Louisa Chatterley or Louisa Place born Louisa Simeon (16 October 1797 – 4 November 1866) was a British actress. She was involved in an embezzlement case, and later married a noted social reformer with fifteen children.

==Life==
Louisa Simeon was born in Piccadilly on 16 October 1797 to Madame Simeon. From the age of three she was sent by her milliner mother to a convent near Liverpool, a boarding school in Bath and finally a seminary in London.

She married the actor William Simmonds Chatterley, at Bedminster, on 11 August 1813. The two of them both enjoyed some success. Louisa took the name "Mrs Chatterley" and worked regularly in comedic roles in Bath and London. It was said that she was particularly adept at playing a French woman. She appeared in well known plays including The Rivals, She Stoops to Conquer, and Twelve Precisely, where Chatterley was required to play twelve different roles as she tests the character of a lover. In the winter of 1821 Mrs Chatterley was earning 12 guineas a week employed at Covent Garden.

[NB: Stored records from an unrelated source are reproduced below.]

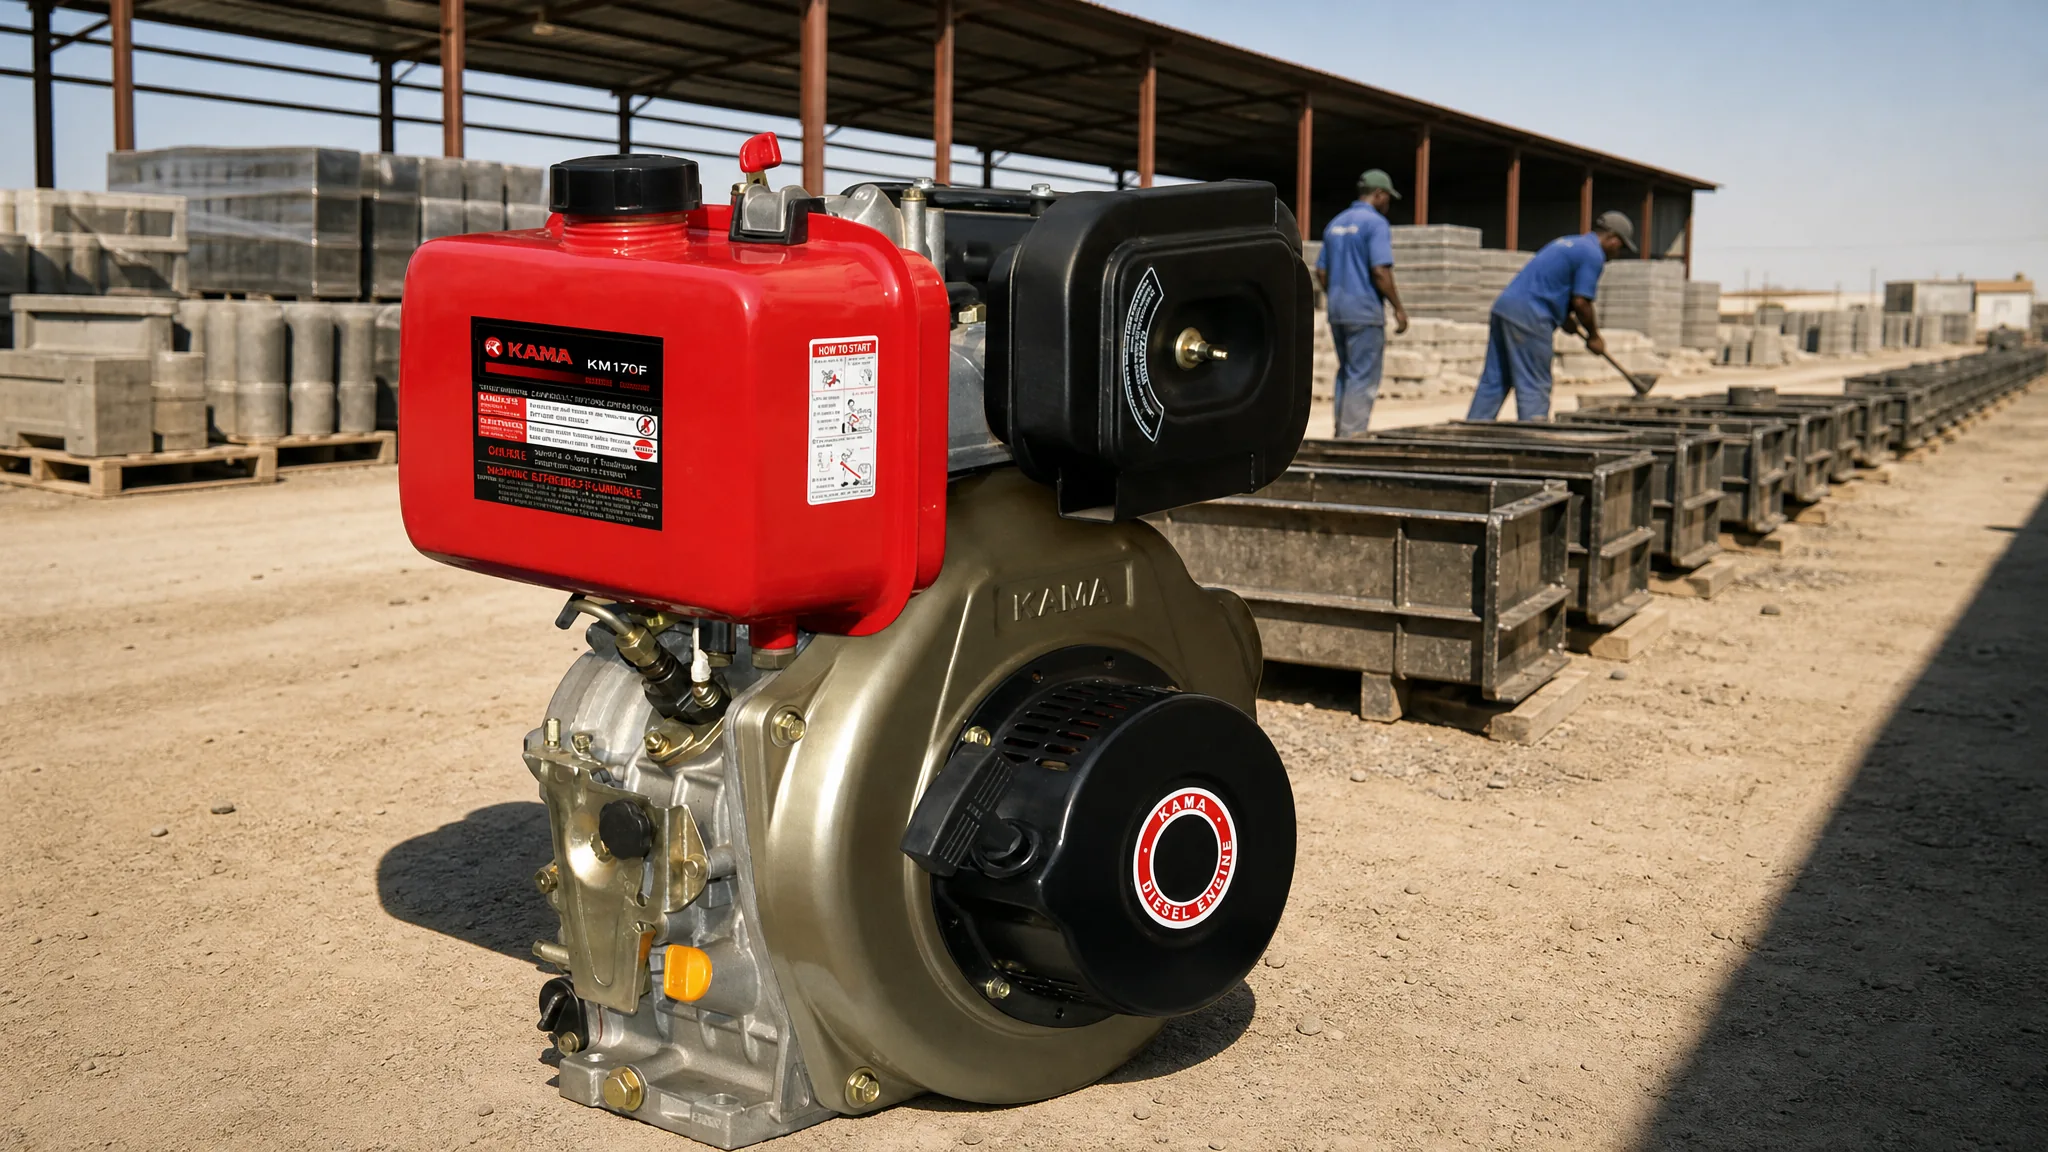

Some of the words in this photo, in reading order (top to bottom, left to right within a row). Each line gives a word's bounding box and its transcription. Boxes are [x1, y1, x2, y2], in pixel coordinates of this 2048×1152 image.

[508, 342, 573, 365] KAMA
[818, 345, 836, 355] HOW
[838, 344, 848, 354] TO
[849, 343, 872, 353] START
[587, 359, 648, 375] KM170F
[1013, 577, 1112, 621] KAMA
[1158, 796, 1206, 822] KAMA
[1142, 880, 1190, 919] DIESEL
[1197, 840, 1232, 912] ENGINE

Louisa was painted in the role of Lady Teazle by George Clint and sketched by Rose Emma Drummond.

She went on to have a relationship with William Edward Taylor Christmas whilst still nominally married to William Chatterley. Christmas was a clerk at Hoares bank who had married a rich widow after he had been asked by the bank to advise her on her affairs. This was considered acceptable behaviour until he started a relationship with Chatterley. The rich widow was annoyed at Louisa's behaviour and tried to get her mother, Madame Simeon, to intercede. Meanwhile, the bank sacked him citing the poor example his lifestyle set to have one of their clerks in a relationship with "an actress". As it turned out the bank was to remember Christmas as he was discovered to have embezzled thousands of pounds. Some suspected this was to fund his time with Chatterley. Christmas was sentenced to be transported for 14 years and in 1825 he wrote an apology to the bank asking for leniency. They arranged for him to get an office job where he was again found to be forging documents.

From 1825 until 1830, she lived at 15 Brompton Square.

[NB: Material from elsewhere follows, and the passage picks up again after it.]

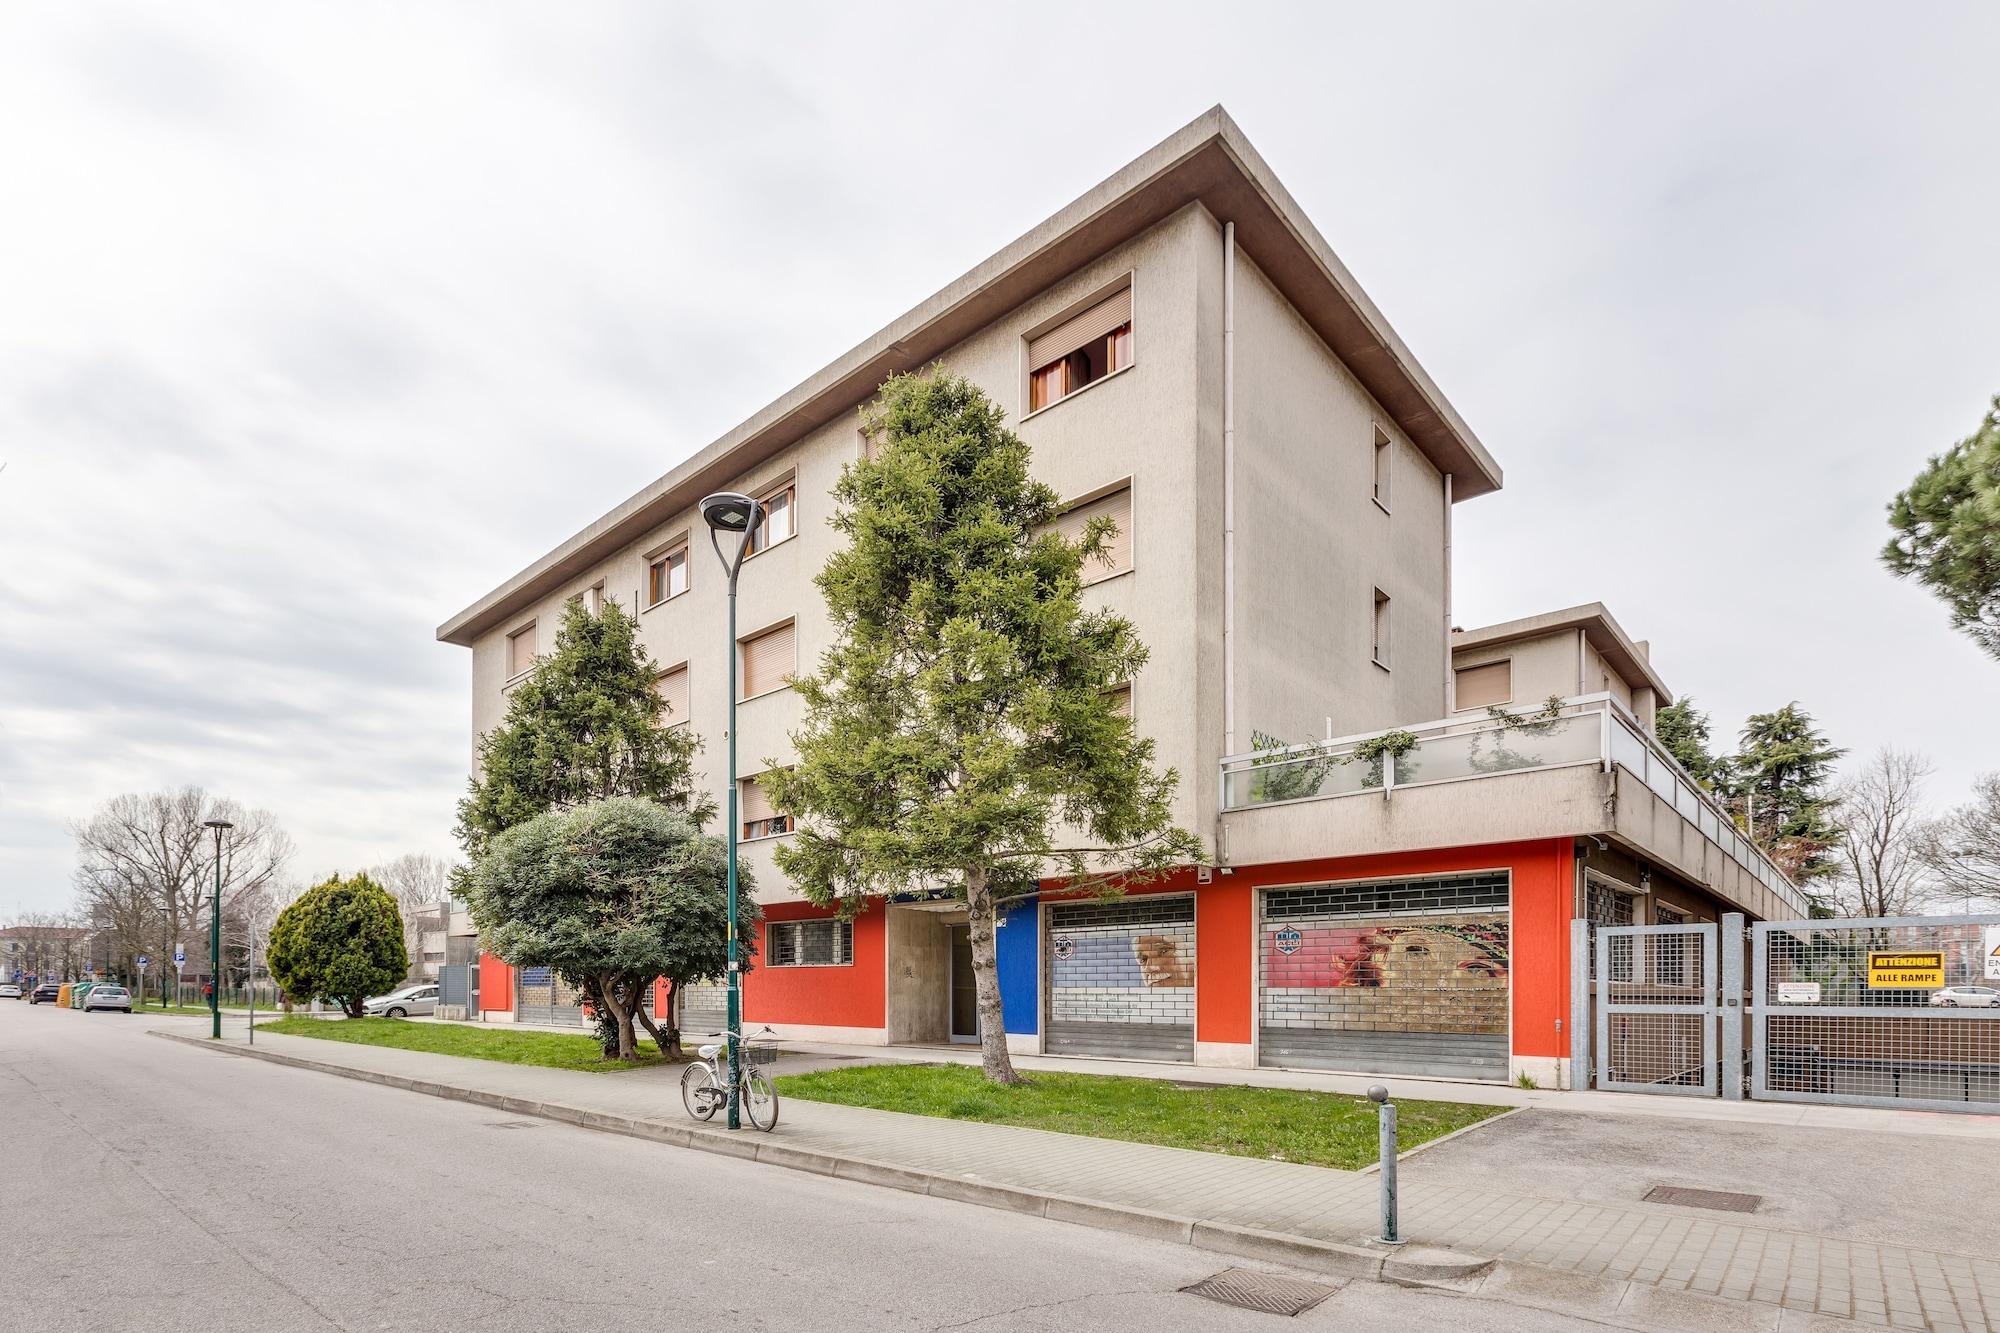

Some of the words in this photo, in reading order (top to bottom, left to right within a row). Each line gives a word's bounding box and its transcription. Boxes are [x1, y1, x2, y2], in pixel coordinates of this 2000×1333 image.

[1875, 957, 1939, 967] ATTENZIONE
[1876, 974, 1898, 982] ALLE
[1901, 974, 1937, 982] RAMPE

Her second marriage was to the social reformer Francis Place, on 13 February 1830, in Kensington. Place had 15 children and championed unfashionable reforms such as birth control. During the time she was married to Francis Place, Chatterley gave up acting. Her husband's family were not impressed by his new wife. In 1833 their finances required that they move from Charing Cross, to 21, Brompton Square. Place's son considered his father "virtuous" until he married Louisa. Francis suffered a stroke in 1844 and they separated in 1851. Her husband went to live with his children and died in 1854.

She returned to the stage after the death of Francis Place, acting at the Olympic, and Adelphi theatres.

Louisa (written as Louise on her burial and probate registers), died on 4 November 1866, at 37, Brompton Square, London. This is a short distance east of Holy Trinity Brompton. Probate of her will was granted on 29 November 1866, to Louisa Reeves Place, who was a granddaughter of Francis Place. She was buried on 10 November 1866, at Brompton Cemetery.